=== EXERCISE AIM ===
The entries that follow should be written out exactly.

*** Opening of GIVEN INFORMATION ***

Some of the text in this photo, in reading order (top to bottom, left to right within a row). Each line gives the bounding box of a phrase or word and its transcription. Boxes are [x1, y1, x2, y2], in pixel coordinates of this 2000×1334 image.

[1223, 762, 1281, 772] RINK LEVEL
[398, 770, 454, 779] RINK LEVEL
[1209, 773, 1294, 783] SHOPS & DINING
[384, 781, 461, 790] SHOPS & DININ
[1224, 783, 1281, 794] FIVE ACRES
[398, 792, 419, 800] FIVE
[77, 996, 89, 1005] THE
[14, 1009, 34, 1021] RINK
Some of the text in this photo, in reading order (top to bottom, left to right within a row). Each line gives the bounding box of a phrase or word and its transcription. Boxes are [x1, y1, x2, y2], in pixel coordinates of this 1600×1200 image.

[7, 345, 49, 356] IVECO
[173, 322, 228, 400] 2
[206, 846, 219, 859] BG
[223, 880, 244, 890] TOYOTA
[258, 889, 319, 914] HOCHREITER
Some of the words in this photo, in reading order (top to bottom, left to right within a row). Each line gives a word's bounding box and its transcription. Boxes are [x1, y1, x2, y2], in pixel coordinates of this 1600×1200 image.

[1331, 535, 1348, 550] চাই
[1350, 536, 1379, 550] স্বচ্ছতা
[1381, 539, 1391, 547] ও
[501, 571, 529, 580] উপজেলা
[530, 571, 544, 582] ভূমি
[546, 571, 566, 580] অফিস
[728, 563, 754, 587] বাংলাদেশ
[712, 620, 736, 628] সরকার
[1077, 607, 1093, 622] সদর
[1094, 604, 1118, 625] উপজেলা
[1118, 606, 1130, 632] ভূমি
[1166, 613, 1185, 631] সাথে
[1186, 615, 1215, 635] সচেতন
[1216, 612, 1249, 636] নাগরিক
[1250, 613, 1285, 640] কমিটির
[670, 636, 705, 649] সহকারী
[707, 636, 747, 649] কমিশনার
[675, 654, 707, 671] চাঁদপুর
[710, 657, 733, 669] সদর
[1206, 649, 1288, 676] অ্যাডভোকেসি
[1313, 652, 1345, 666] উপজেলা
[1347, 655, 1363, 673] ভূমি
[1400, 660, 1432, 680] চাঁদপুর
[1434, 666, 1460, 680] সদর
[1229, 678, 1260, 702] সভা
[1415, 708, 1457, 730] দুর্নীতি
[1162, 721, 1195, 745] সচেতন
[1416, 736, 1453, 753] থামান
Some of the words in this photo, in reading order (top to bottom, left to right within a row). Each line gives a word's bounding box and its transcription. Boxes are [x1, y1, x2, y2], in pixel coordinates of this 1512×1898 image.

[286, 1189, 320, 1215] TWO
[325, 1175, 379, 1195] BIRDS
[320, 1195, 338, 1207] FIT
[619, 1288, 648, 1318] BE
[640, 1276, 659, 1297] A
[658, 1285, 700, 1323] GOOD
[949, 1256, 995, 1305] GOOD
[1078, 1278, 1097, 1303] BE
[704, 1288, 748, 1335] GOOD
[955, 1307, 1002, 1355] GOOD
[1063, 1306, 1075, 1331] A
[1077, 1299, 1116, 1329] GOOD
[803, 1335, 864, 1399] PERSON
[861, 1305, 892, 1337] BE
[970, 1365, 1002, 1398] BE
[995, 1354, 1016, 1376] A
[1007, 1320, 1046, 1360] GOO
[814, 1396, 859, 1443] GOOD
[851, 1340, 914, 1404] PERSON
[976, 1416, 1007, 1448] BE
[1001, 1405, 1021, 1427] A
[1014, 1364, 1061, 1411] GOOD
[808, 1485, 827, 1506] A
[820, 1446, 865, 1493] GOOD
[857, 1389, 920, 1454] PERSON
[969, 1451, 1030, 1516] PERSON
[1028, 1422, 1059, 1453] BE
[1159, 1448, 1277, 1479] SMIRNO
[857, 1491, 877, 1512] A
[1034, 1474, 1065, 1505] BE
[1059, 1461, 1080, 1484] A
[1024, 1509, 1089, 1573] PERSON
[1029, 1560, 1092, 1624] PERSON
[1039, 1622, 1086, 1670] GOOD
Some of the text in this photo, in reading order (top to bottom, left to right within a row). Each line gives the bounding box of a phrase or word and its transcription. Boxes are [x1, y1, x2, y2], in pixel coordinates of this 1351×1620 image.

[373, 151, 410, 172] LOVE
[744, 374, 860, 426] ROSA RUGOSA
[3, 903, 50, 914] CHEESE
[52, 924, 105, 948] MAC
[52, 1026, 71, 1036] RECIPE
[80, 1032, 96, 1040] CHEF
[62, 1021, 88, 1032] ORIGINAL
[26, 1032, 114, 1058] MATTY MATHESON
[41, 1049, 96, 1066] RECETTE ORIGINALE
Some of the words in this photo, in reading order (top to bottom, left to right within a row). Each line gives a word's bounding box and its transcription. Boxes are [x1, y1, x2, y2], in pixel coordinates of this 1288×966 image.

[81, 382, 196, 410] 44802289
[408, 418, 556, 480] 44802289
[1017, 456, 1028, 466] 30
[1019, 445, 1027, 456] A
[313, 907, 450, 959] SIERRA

*** Close of GIVEN INFORMATION ***

=== ANSWER TO THE PROBLEM ===
Some of the text in this photo, in reading order (top to bottom, left to right within a row). Each line gives the bounding box of a phrase or word and its transcription. Boxes are [x1, y1, x2, y2], in pixel coordinates of this 2000×1334 image.

[1223, 762, 1281, 772] RINK LEVEL
[398, 770, 454, 779] RINK LEVEL
[1209, 773, 1294, 783] SHOPS & DINING
[384, 781, 461, 790] SHOPS & DININ
[1224, 783, 1281, 794] FIVE ACRES
[398, 792, 419, 800] FIVE
[77, 996, 89, 1005] THE
[14, 1009, 34, 1021] RINK
Some of the text in this photo, in reading order (top to bottom, left to right within a row). Each line gives the bounding box of a phrase or word and its transcription. Boxes are [x1, y1, x2, y2], in pixel coordinates of this 1600×1200 image.

[7, 345, 49, 356] IVECO
[173, 322, 228, 400] 2
[206, 846, 219, 859] BG
[223, 880, 244, 890] TOYOTA
[258, 889, 319, 914] HOCHREITER
Some of the words in this photo, in reading order (top to bottom, left to right within a row). Each line gives a word's bounding box and its transcription. Boxes are [x1, y1, x2, y2], in pixel coordinates of this 1600×1200 image.

[1331, 535, 1348, 550] চাই
[1350, 536, 1379, 550] স্বচ্ছতা
[1381, 539, 1391, 547] ও
[501, 571, 529, 580] উপজেলা
[530, 571, 544, 582] ভূমি
[546, 571, 566, 580] অফিস
[728, 563, 754, 587] বাংলাদেশ
[712, 620, 736, 628] সরকার
[1077, 607, 1093, 622] সদর
[1094, 604, 1118, 625] উপজেলা
[1118, 606, 1130, 632] ভূমি
[1166, 613, 1185, 631] সাথে
[1186, 615, 1215, 635] সচেতন
[1216, 612, 1249, 636] নাগরিক
[1250, 613, 1285, 640] কমিটির
[670, 636, 705, 649] সহকারী
[707, 636, 747, 649] কমিশনার
[675, 654, 707, 671] চাঁদপুর
[710, 657, 733, 669] সদর
[1206, 649, 1288, 676] অ্যাডভোকেসি
[1313, 652, 1345, 666] উপজেলা
[1347, 655, 1363, 673] ভূমি
[1400, 660, 1432, 680] চাঁদপুর
[1434, 666, 1460, 680] সদর
[1229, 678, 1260, 702] সভা
[1415, 708, 1457, 730] দুর্নীতি
[1162, 721, 1195, 745] সচেতন
[1416, 736, 1453, 753] থামান
Some of the words in this photo, in reading order (top to bottom, left to right within a row). Each line gives a word's bounding box and its transcription. Boxes are [x1, y1, x2, y2], in pixel coordinates of this 1512×1898 image.

[286, 1189, 320, 1215] TWO
[325, 1175, 379, 1195] BIRDS
[320, 1195, 338, 1207] FIT
[619, 1288, 648, 1318] BE
[640, 1276, 659, 1297] A
[658, 1285, 700, 1323] GOOD
[949, 1256, 995, 1305] GOOD
[1078, 1278, 1097, 1303] BE
[704, 1288, 748, 1335] GOOD
[955, 1307, 1002, 1355] GOOD
[1063, 1306, 1075, 1331] A
[1077, 1299, 1116, 1329] GOOD
[803, 1335, 864, 1399] PERSON
[861, 1305, 892, 1337] BE
[970, 1365, 1002, 1398] BE
[995, 1354, 1016, 1376] A
[1007, 1320, 1046, 1360] GOO
[814, 1396, 859, 1443] GOOD
[851, 1340, 914, 1404] PERSON
[976, 1416, 1007, 1448] BE
[1001, 1405, 1021, 1427] A
[1014, 1364, 1061, 1411] GOOD
[808, 1485, 827, 1506] A
[820, 1446, 865, 1493] GOOD
[857, 1389, 920, 1454] PERSON
[969, 1451, 1030, 1516] PERSON
[1028, 1422, 1059, 1453] BE
[1159, 1448, 1277, 1479] SMIRNO
[857, 1491, 877, 1512] A
[1034, 1474, 1065, 1505] BE
[1059, 1461, 1080, 1484] A
[1024, 1509, 1089, 1573] PERSON
[1029, 1560, 1092, 1624] PERSON
[1039, 1622, 1086, 1670] GOOD
Some of the text in this photo, in reading order (top to bottom, left to right within a row). Each line gives the bounding box of a phrase or word and its transcription. Boxes are [x1, y1, x2, y2], in pixel coordinates of this 1351×1620 image.

[373, 151, 410, 172] LOVE
[744, 374, 860, 426] ROSA RUGOSA
[3, 903, 50, 914] CHEESE
[52, 924, 105, 948] MAC
[52, 1026, 71, 1036] RECIPE
[80, 1032, 96, 1040] CHEF
[62, 1021, 88, 1032] ORIGINAL
[26, 1032, 114, 1058] MATTY MATHESON
[41, 1049, 96, 1066] RECETTE ORIGINALE
Some of the words in this photo, in reading order (top to bottom, left to right within a row). Each line gives a word's bounding box and its transcription. Boxes are [x1, y1, x2, y2], in pixel coordinates of this 1288×966 image.

[81, 382, 196, 410] 44802289
[408, 418, 556, 480] 44802289
[1017, 456, 1028, 466] 30
[1019, 445, 1027, 456] A
[313, 907, 450, 959] SIERRA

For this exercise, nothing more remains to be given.